The creek looked especially cold yesterday. When we’re fishing, we bring along a thermometer but I didn’t think to bring one along on Transition Day. We found out just how cold the water felt, though, by taking turns taking underwater snapshots with our point-and-shoot camera. This is an entirely new way for us to explore the creek. Stick your hand in the water, click the shutter, pull your nearly-numb hand out of the water, then view the image on the screen to see what’s going on in there.

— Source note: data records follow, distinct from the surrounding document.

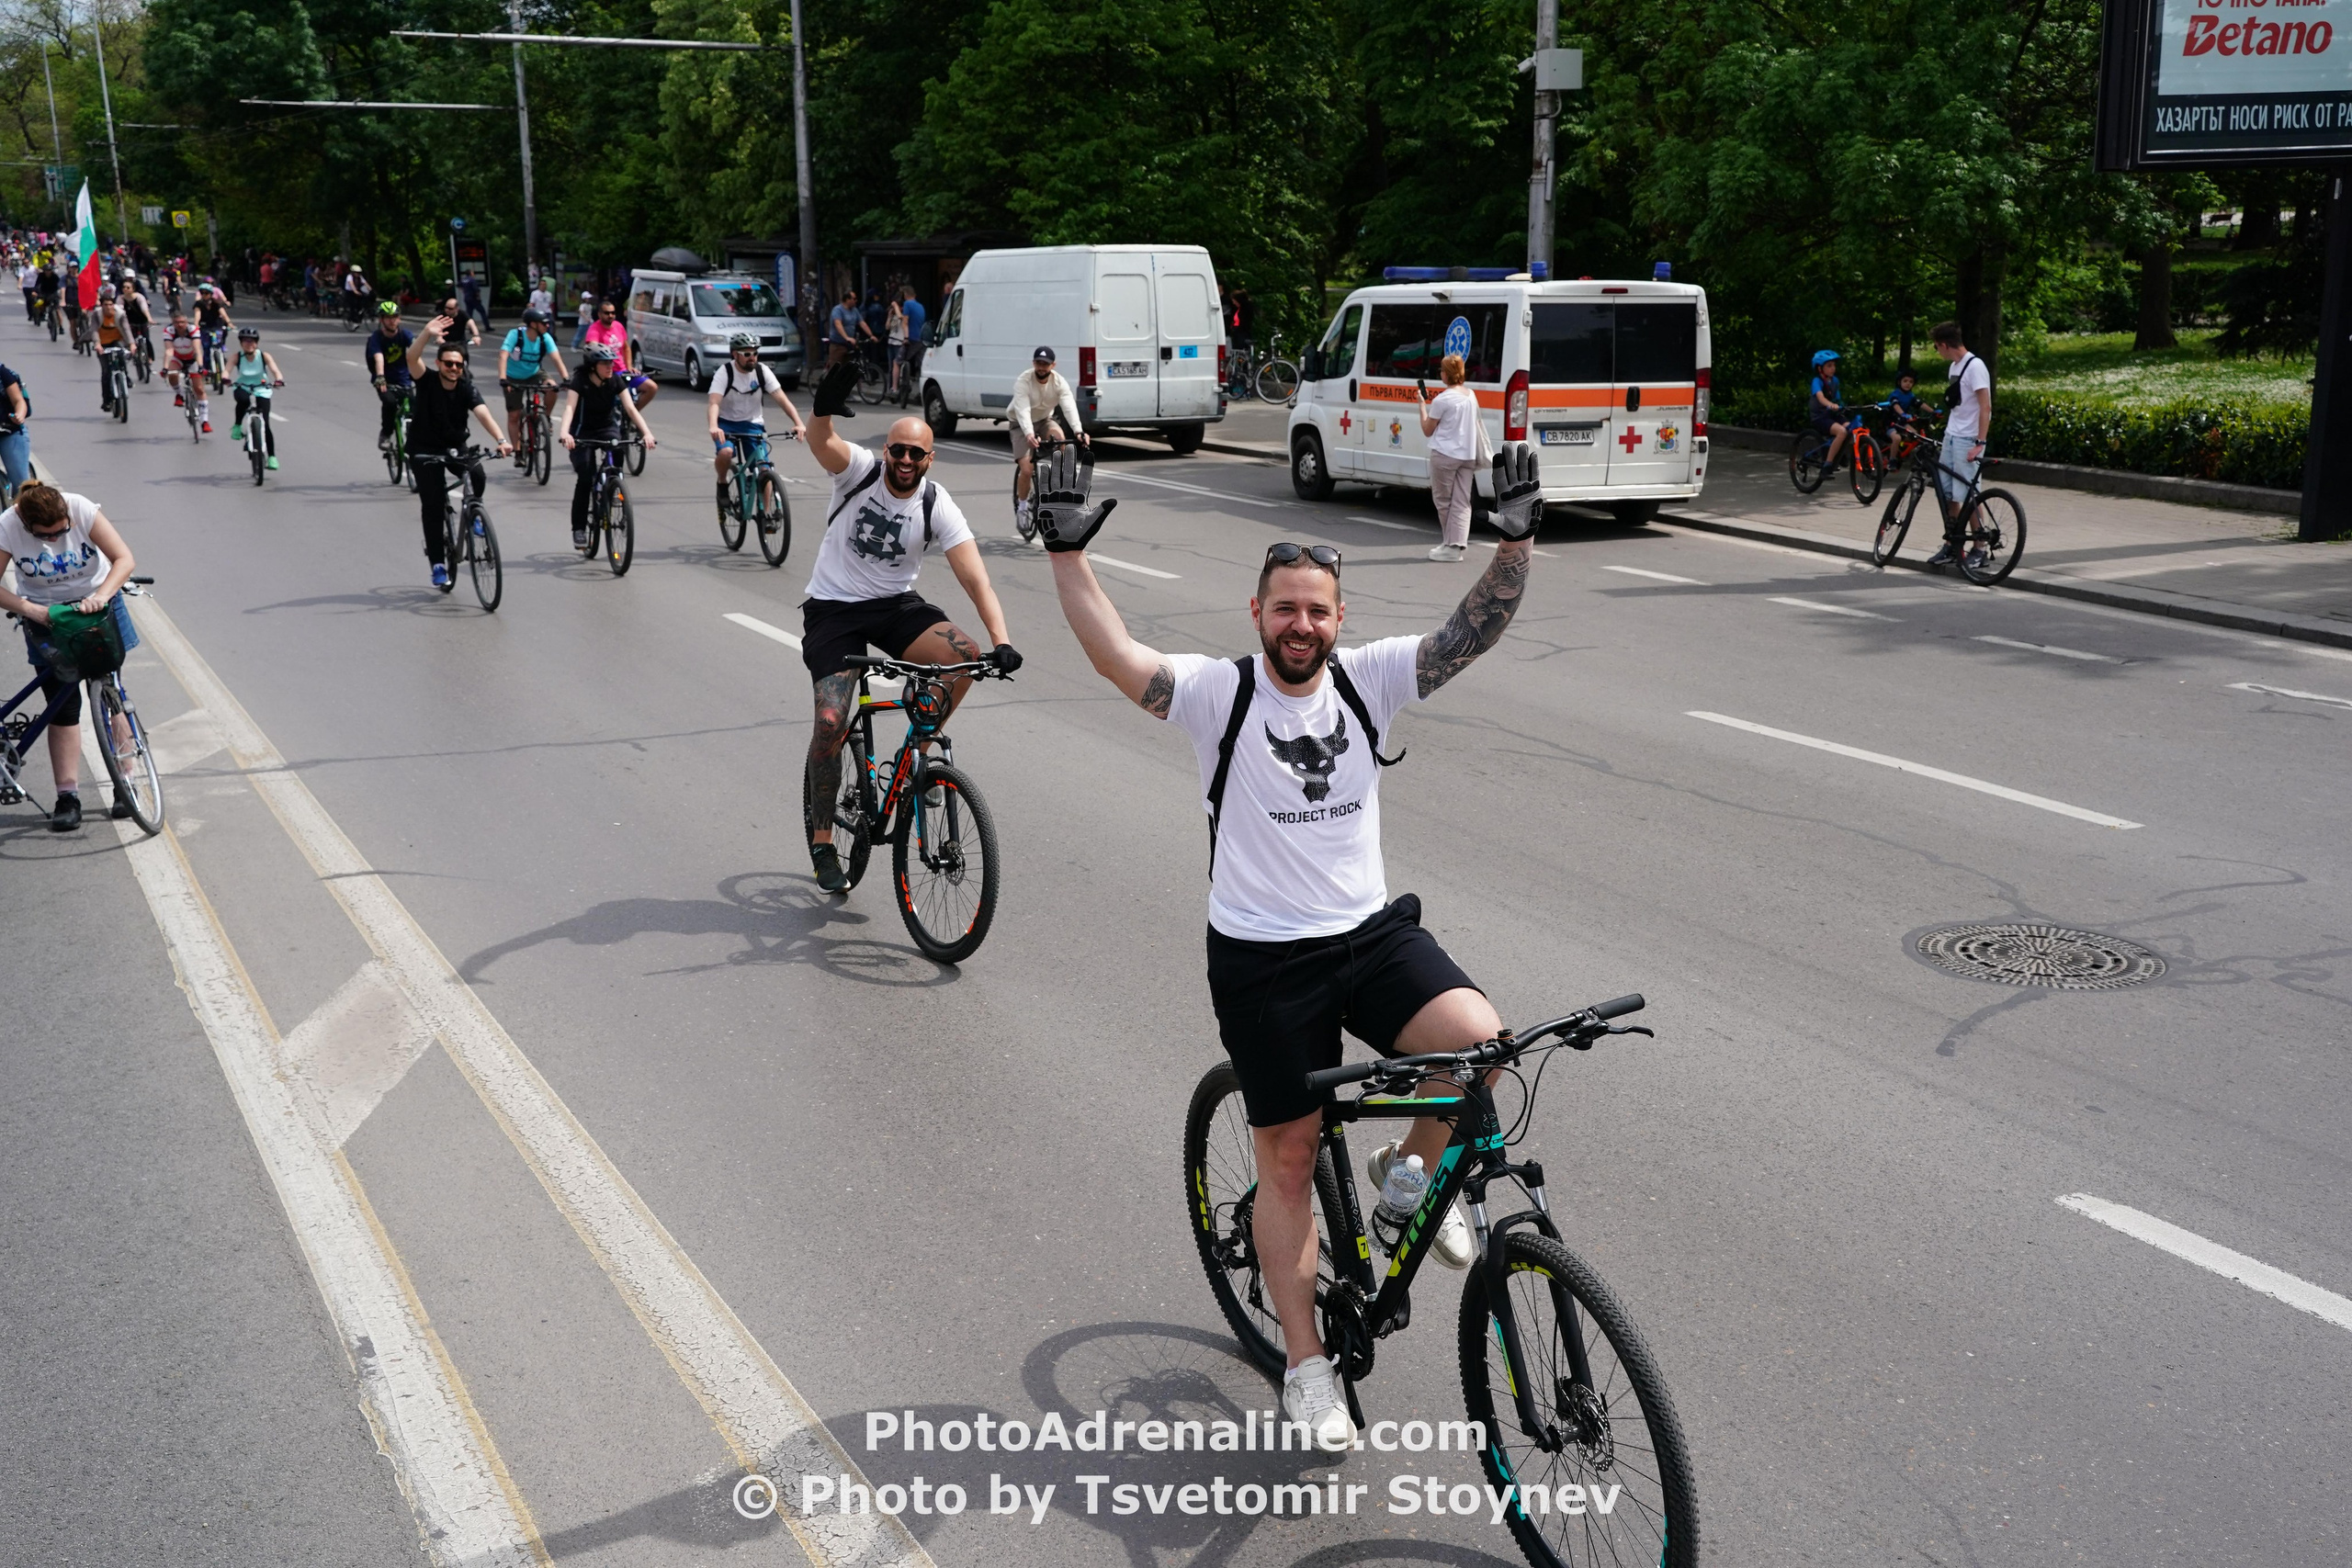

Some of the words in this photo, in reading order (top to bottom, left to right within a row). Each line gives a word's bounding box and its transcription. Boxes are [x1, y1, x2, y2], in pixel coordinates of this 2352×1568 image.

[2182, 15, 2333, 56] Betano
[2155, 106, 2225, 132] ХАЗАРТЪТ
[2230, 104, 2268, 130] НОСИ
[2274, 104, 2311, 129] РИСК
[2314, 103, 2334, 128] ОТ
[1369, 386, 1393, 398] ПЪРВА
[1547, 431, 1558, 442] CB
[1559, 431, 1579, 441] 7820
[1581, 431, 1592, 441] AK
[901, 793, 914, 818] KENDA
[1269, 808, 1326, 824] PROJECT
[1330, 799, 1363, 818] ROCK

This is the same creek we splash around in during summer backpacking trips. This is the creek where my nephew caught his first trout on a dry fly; where I woke early one brisk morning and spotted my niece already up and sitting on a stump beside our fly rods—patiently waiting for me to roll out of my warm sleeping bag. This creek is the place where the idea of what a watershed is took concrete, physical shape in their minds. “Uncle Shawn, is this the same water we skied on in the winter?” I couldn’t have been prouder.

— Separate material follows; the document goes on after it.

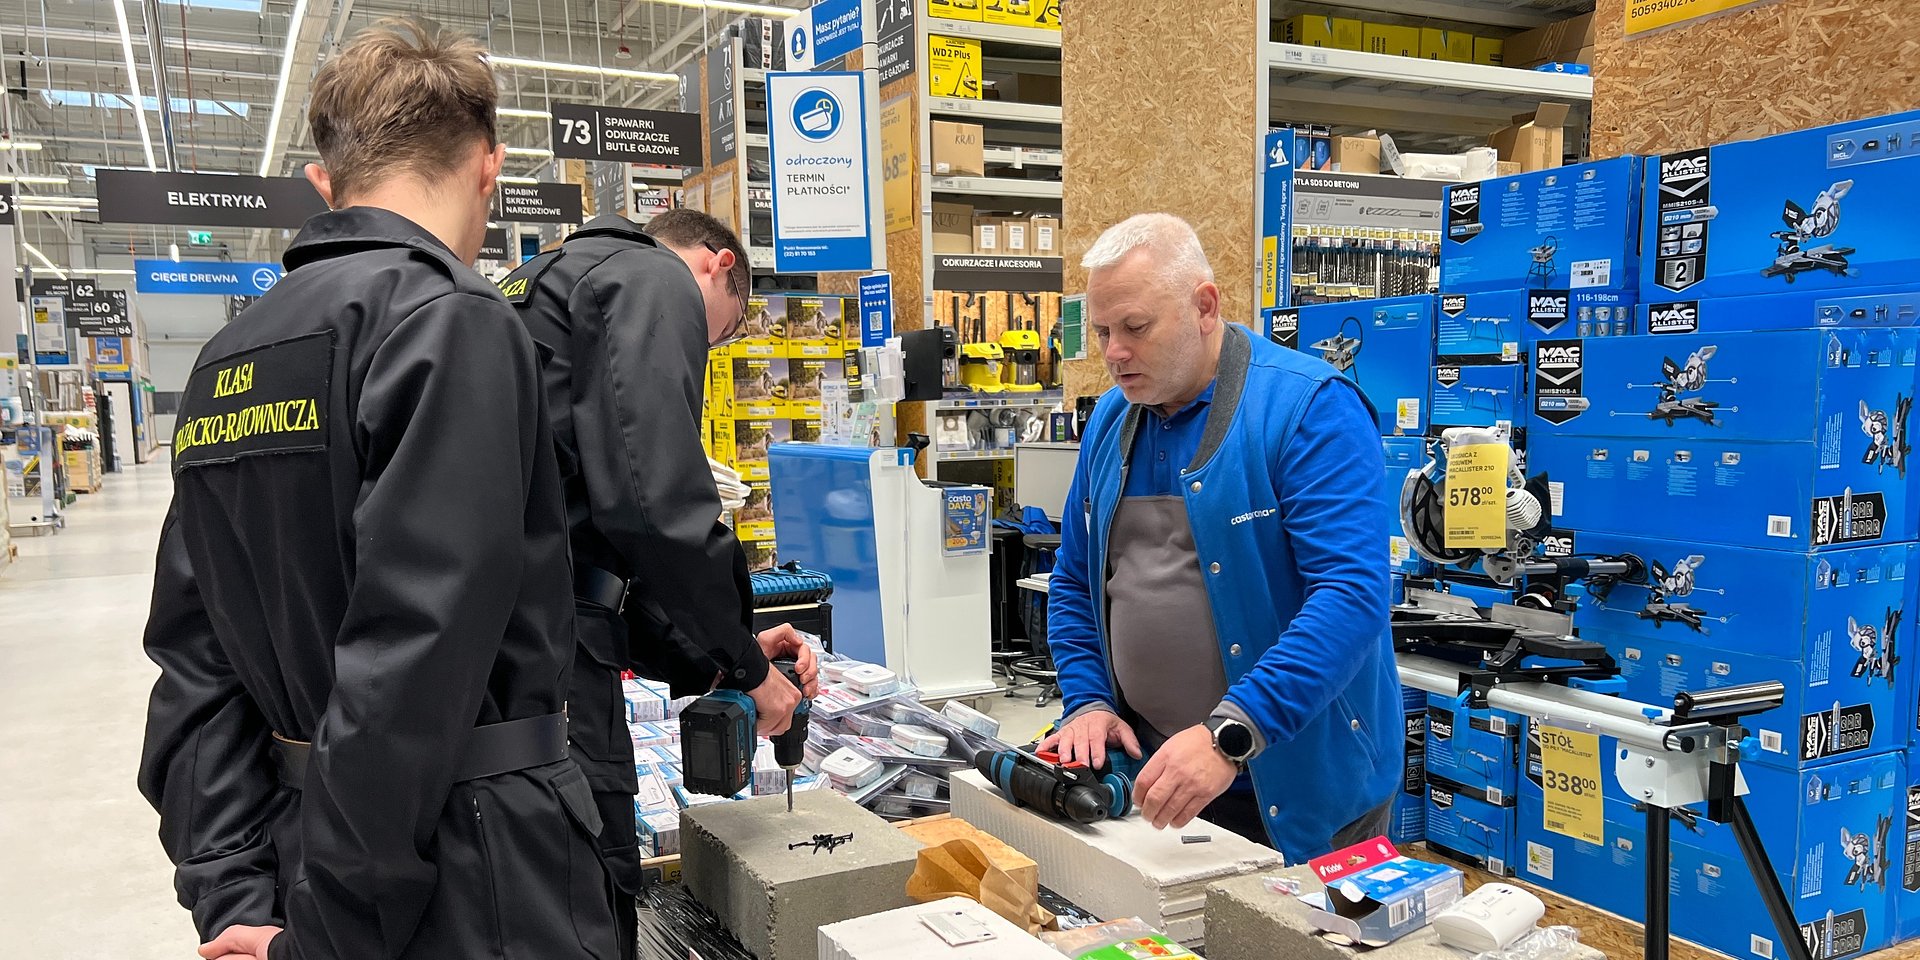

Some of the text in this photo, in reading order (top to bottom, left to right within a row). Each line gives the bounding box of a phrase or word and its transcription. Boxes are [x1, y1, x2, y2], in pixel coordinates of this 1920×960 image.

These watershed moments with the kids are especially important to me. I want them to understand their watershed—this most essential part of where they live. By getting out and moving through the landscape with them, across the four seasons, I feel like we’re providing a vital element of their education. And fly fishing adds so much to this experience. Words like caddis and brookie are part of their vocabulary—along with alder, Pygmy Nuthatch, and black bear.

Fly fishing is not only a way to learn about the lives and habits of the various fish that inhabit the watershed’s ecosystem, it is also an effective way to learn about the bugs that share the land-and-waterscape. Engaging these creatures through the science of fly fishing is a way to get a hands-on understanding of the food chain. Eventually, creatures that start out in one’s mind as nothing more than fish food become exciting beings in their own right.

On Closing Day of the ski season, we gathered around a barbeque in the parking lot with the kids and three delightful friends. We grilled asparagus and prawns and sausages while telling stories and bad jokes. The kids enjoyed the fact that they’re collecting their own stories to tell—stories from their own experiences in the watershed. Stories about long hikes, tricky stream crossings, wild trout, and things that go bump in the night.

While talking with my friends I came to realize how much it matters to me that my niece and nephew can pitch a tent, catch a fish, start a fire—that they’re starting to understand the map and compass. There’s a fundamental confidence about themselves in relationship to the world that I can see in the way they move.

One of the things Trout Unlimited asks its members to do is take a kid fishing. I whole-heartedly agree. And I’ll offer this corollary: Take a kid outside. As John Muir put it: “When one tugs at a single thing in nature, he finds it attached to the rest of the world."